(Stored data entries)
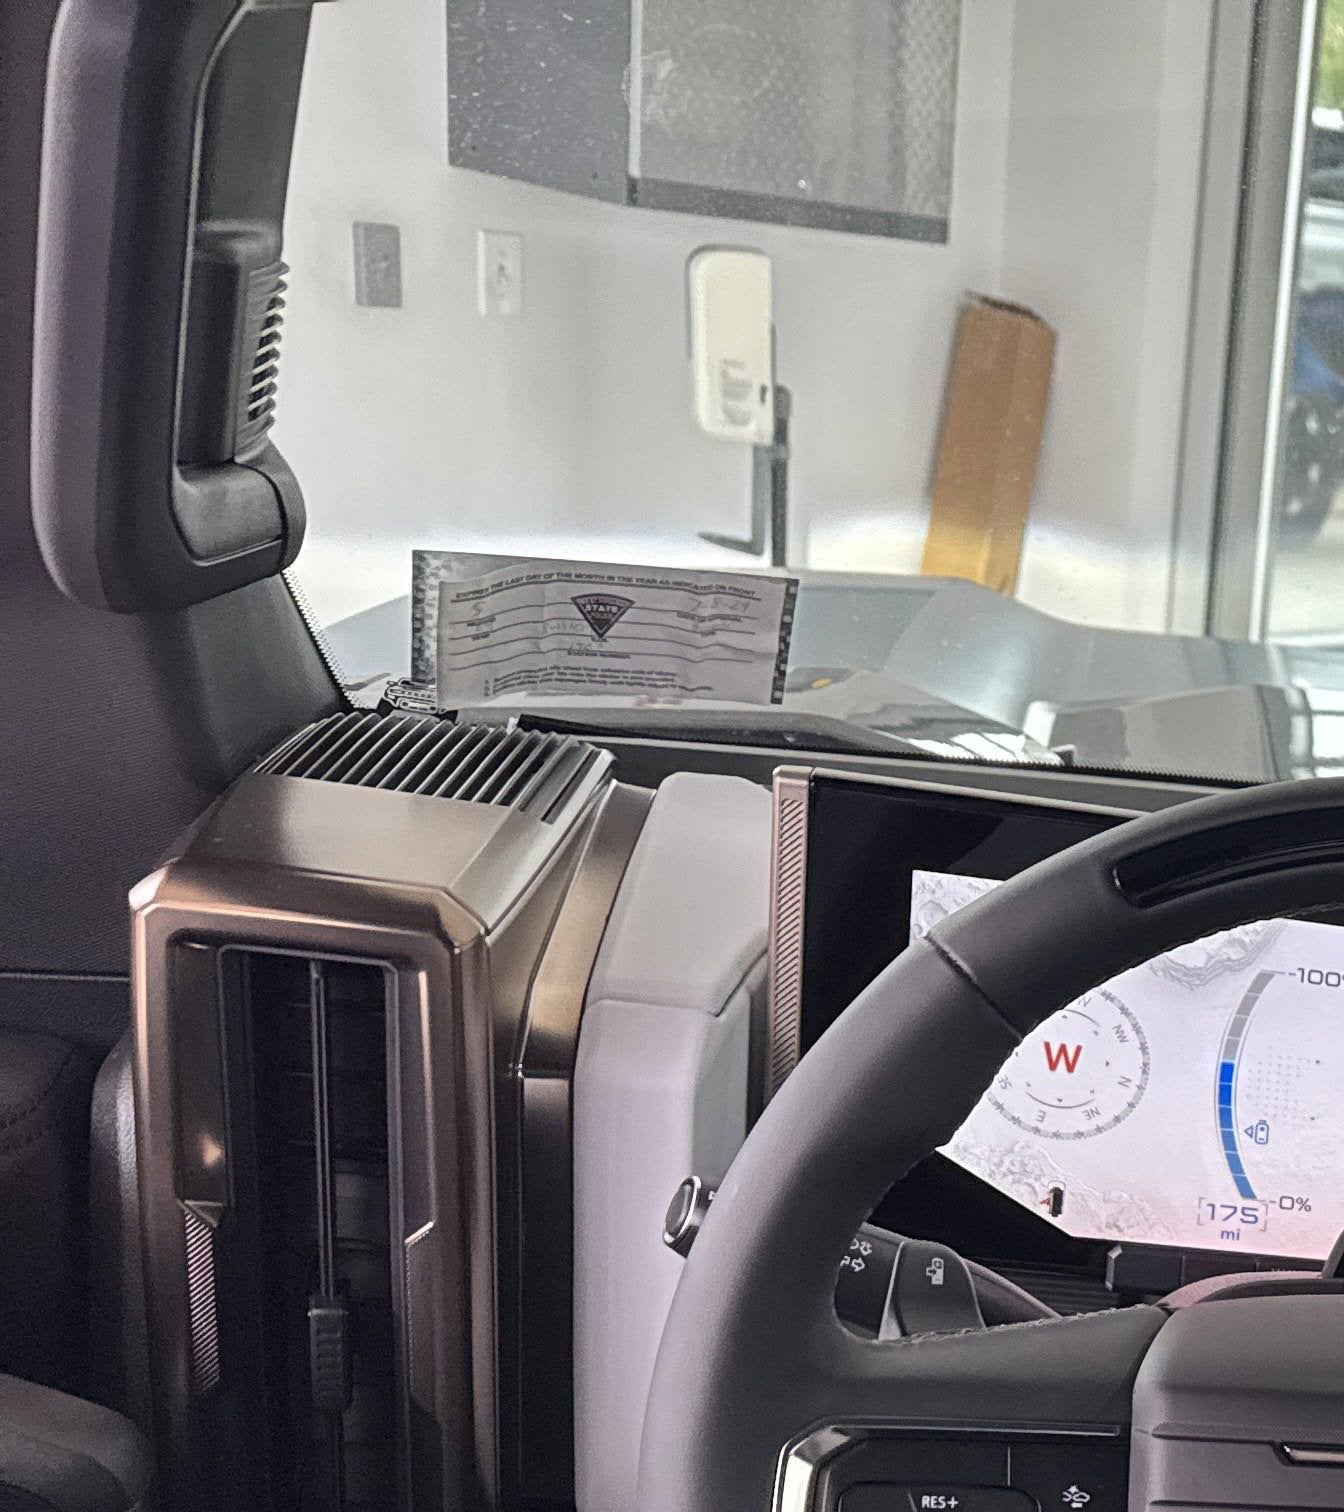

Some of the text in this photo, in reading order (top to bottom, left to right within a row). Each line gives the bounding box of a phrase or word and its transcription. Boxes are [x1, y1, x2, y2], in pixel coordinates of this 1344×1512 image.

[1111, 1023, 1130, 1045] NW
[1043, 1040, 1083, 1073] W
[1117, 1075, 1133, 1089] N
[1082, 1105, 1101, 1121] NE
[1278, 1195, 1313, 1213] 0%
[1206, 1202, 1260, 1225] 175
[1220, 1228, 1241, 1242] mi
[921, 1494, 959, 1510] RES+
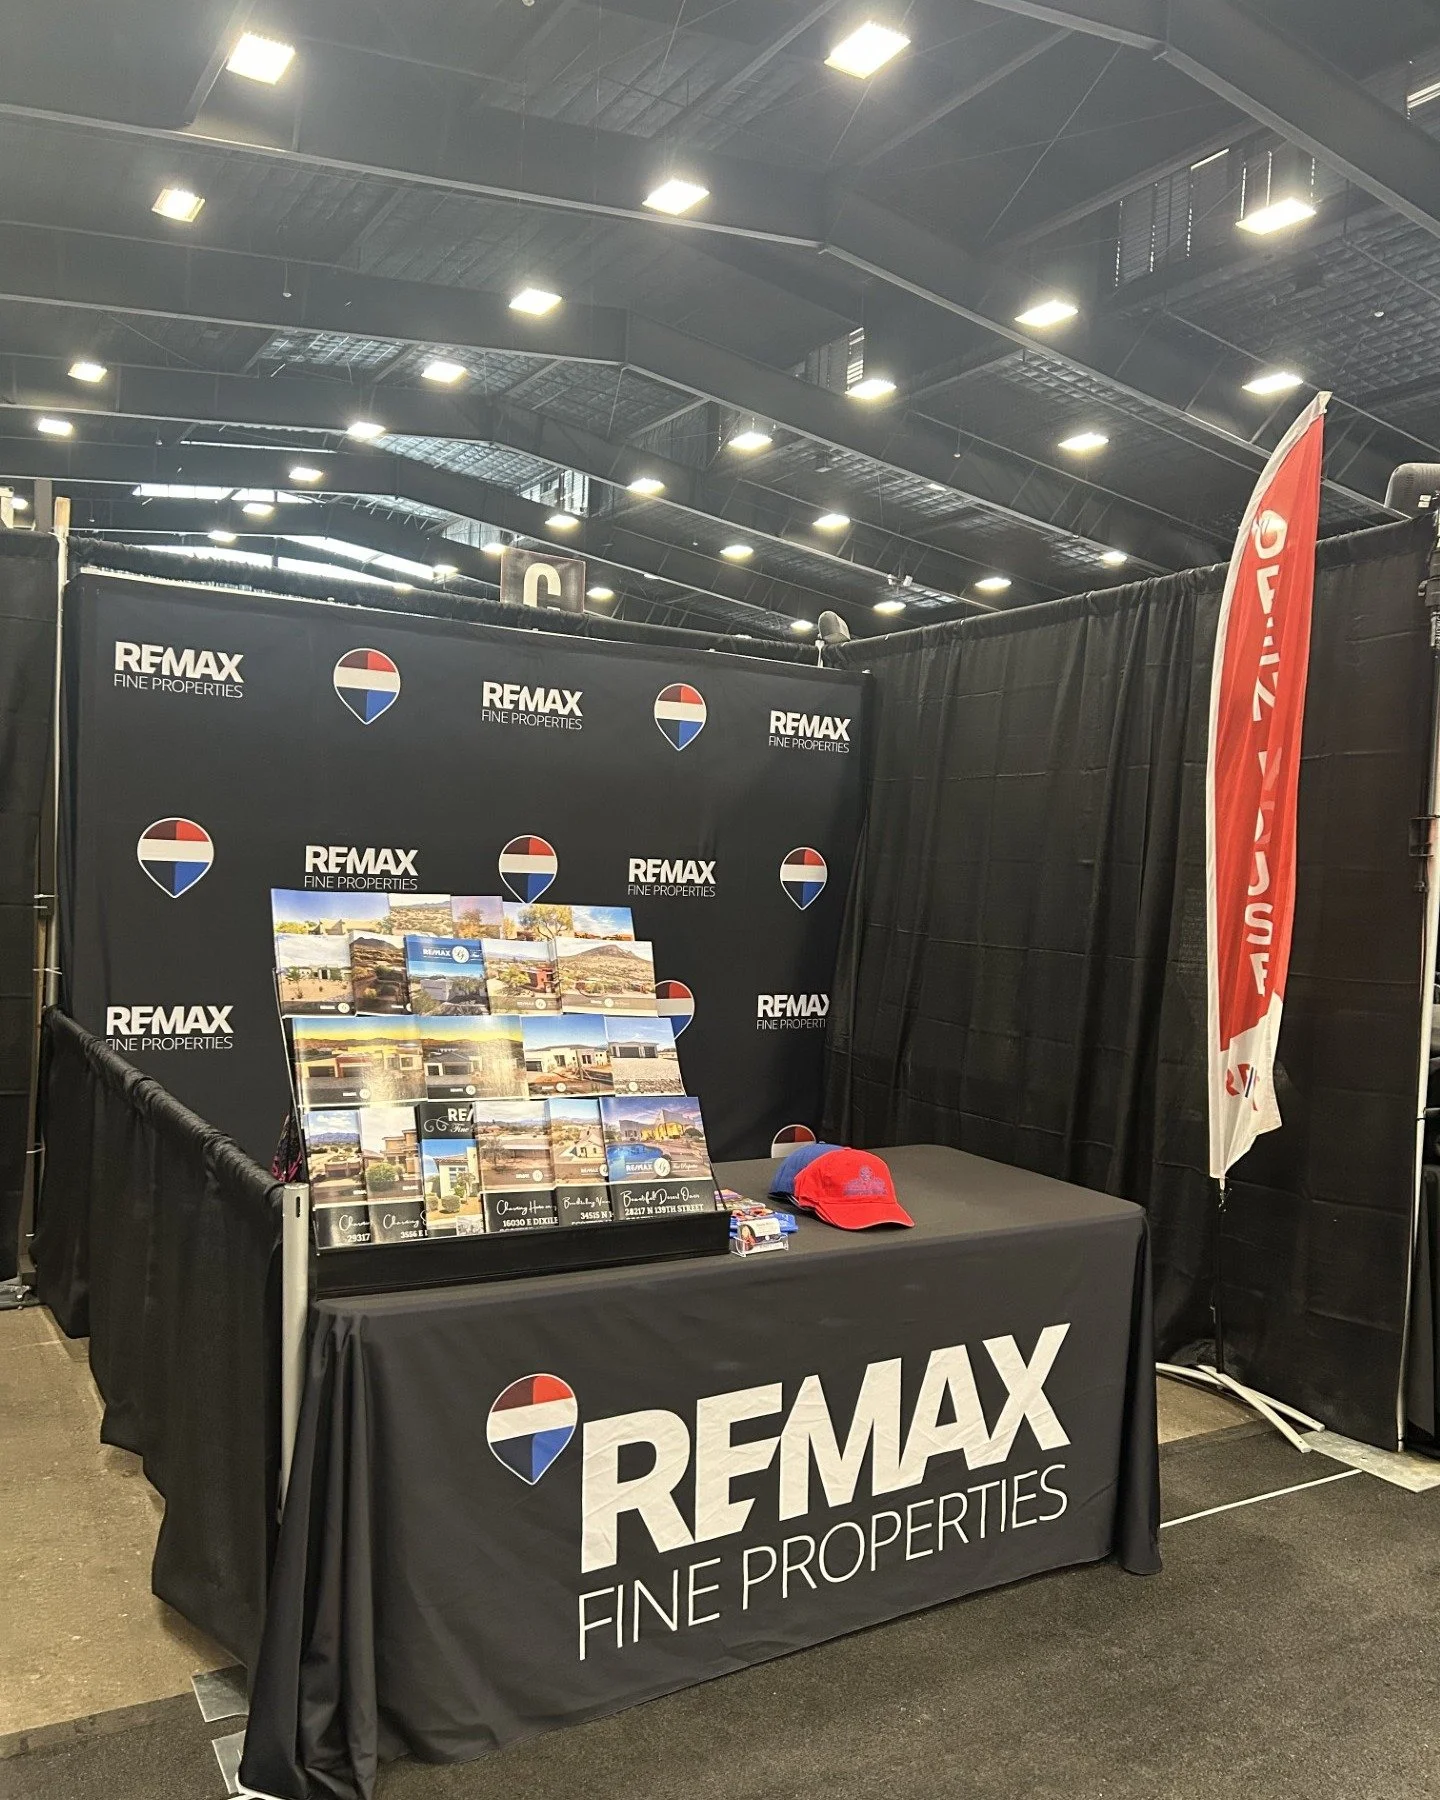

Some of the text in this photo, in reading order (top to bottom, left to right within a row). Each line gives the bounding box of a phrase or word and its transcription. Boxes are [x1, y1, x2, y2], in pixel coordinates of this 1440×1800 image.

[113, 673, 244, 699] FINE PROPERTIES
[481, 709, 582, 731] FINE PROPERTIES
[768, 736, 850, 754] FINE PROPERTIES
[304, 875, 418, 891] FINE PROPERTIES
[627, 884, 716, 898] FINE PROPERTIES
[756, 1019, 778, 1030] FINE
[141, 1036, 234, 1051] PROPERTIES
[624, 1206, 646, 1216] 28217
[647, 1207, 654, 1215] N
[677, 1203, 704, 1213] STREET
[526, 1218, 532, 1226] E
[577, 1463, 1069, 1661] FINE PROPERTIES
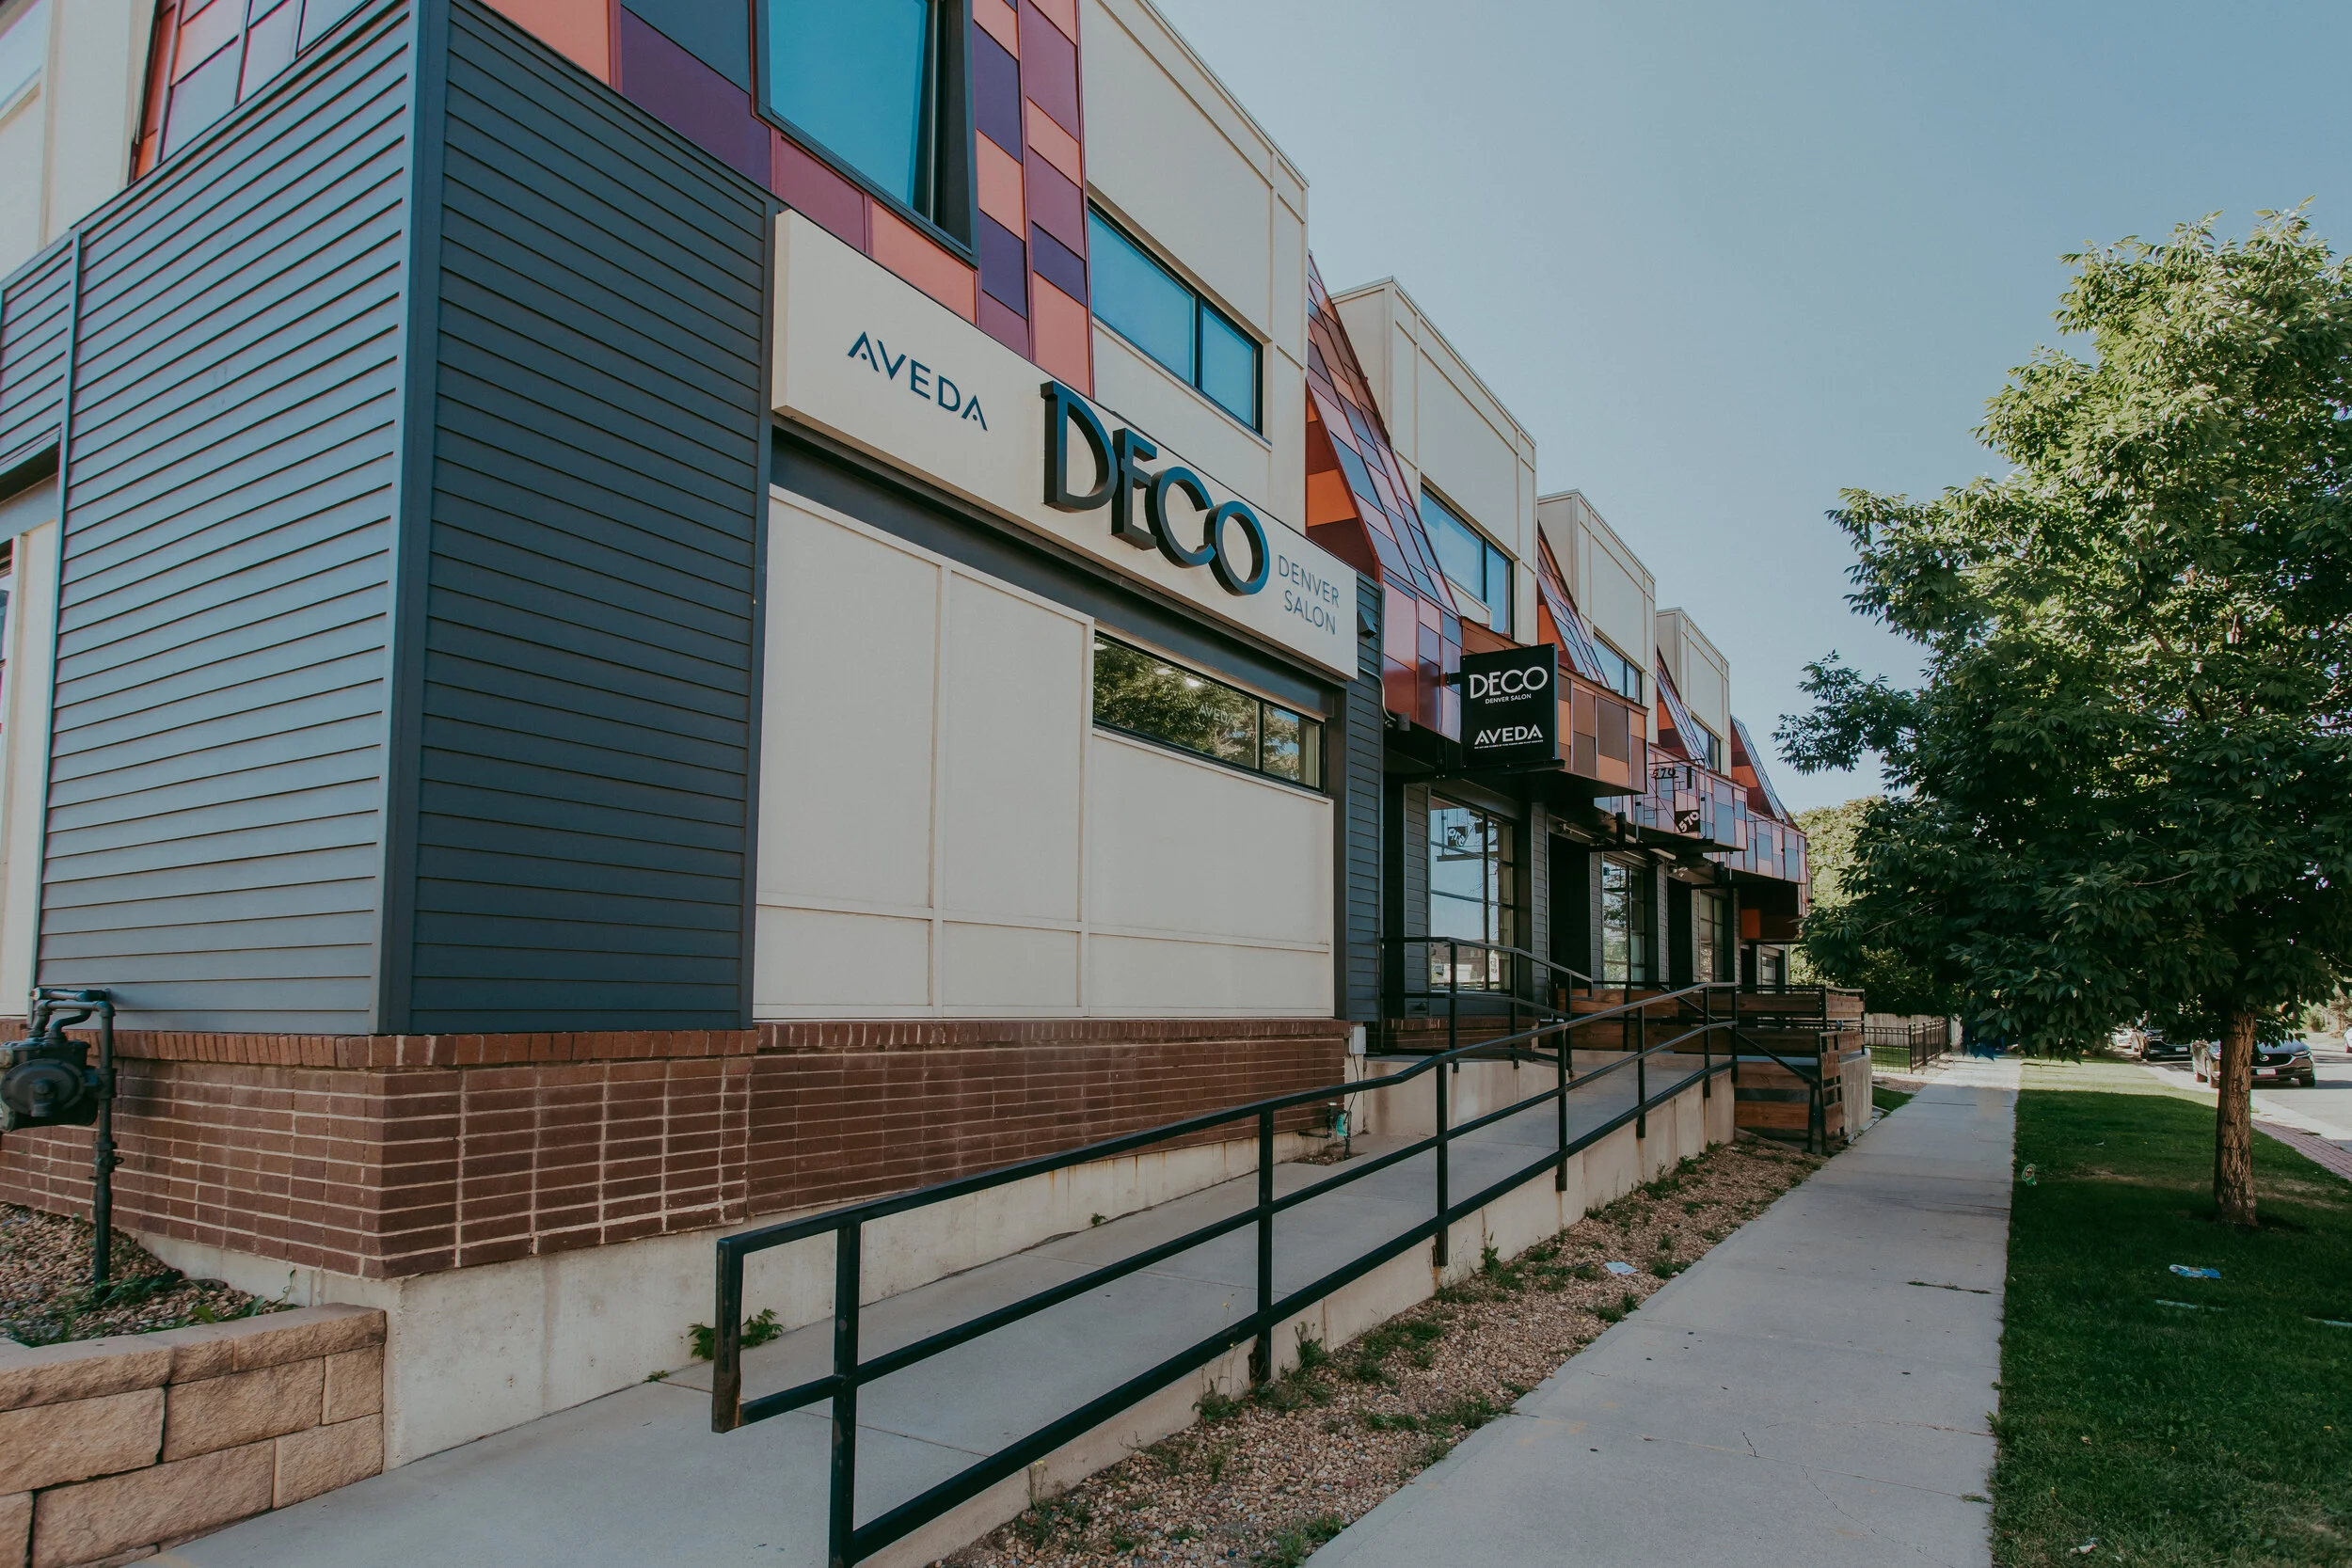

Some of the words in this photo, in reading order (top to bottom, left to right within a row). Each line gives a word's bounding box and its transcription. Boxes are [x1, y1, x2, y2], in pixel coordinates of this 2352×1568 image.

[848, 331, 988, 431] AVEDA
[1041, 380, 1270, 597] DECO
[1279, 555, 1340, 609] DENVER
[1284, 589, 1336, 635] SALON
[1469, 666, 1549, 699] DECO
[1485, 696, 1509, 705] DENVER
[1474, 723, 1544, 746] AVEDA
[1678, 811, 1700, 833] 570

**Work request**
The records above need to be copied exactly, though not their pictures.

**Output for this exercise**
Some of the text in this photo, in reading order (top to bottom, left to right within a row). Each line gives the bounding box of a phrase or word and its transcription. Boxes are [x1, y1, x2, y2], in pixel coordinates of this 1344×1512 image.

[1111, 1023, 1130, 1045] NW
[1043, 1040, 1083, 1073] W
[1117, 1075, 1133, 1089] N
[1082, 1105, 1101, 1121] NE
[1278, 1195, 1313, 1213] 0%
[1206, 1202, 1260, 1225] 175
[1220, 1228, 1241, 1242] mi
[921, 1494, 959, 1510] RES+

Some of the text in this photo, in reading order (top to bottom, left to right within a row). Each line gives the bounding box of a phrase or word and its transcription. Boxes are [x1, y1, x2, y2], in pixel coordinates of this 1440×1800 image.

[113, 673, 244, 699] FINE PROPERTIES
[481, 709, 582, 731] FINE PROPERTIES
[768, 736, 850, 754] FINE PROPERTIES
[304, 875, 418, 891] FINE PROPERTIES
[627, 884, 716, 898] FINE PROPERTIES
[756, 1019, 778, 1030] FINE
[141, 1036, 234, 1051] PROPERTIES
[624, 1206, 646, 1216] 28217
[647, 1207, 654, 1215] N
[677, 1203, 704, 1213] STREET
[526, 1218, 532, 1226] E
[577, 1463, 1069, 1661] FINE PROPERTIES

Some of the words in this photo, in reading order (top to bottom, left to right within a row). Each line gives a word's bounding box and its transcription. Boxes are [x1, y1, x2, y2], in pixel coordinates of this 2352×1568 image.

[848, 331, 988, 431] AVEDA
[1041, 380, 1270, 597] DECO
[1279, 555, 1340, 609] DENVER
[1284, 589, 1336, 635] SALON
[1469, 666, 1549, 699] DECO
[1485, 696, 1509, 705] DENVER
[1474, 723, 1544, 746] AVEDA
[1678, 811, 1700, 833] 570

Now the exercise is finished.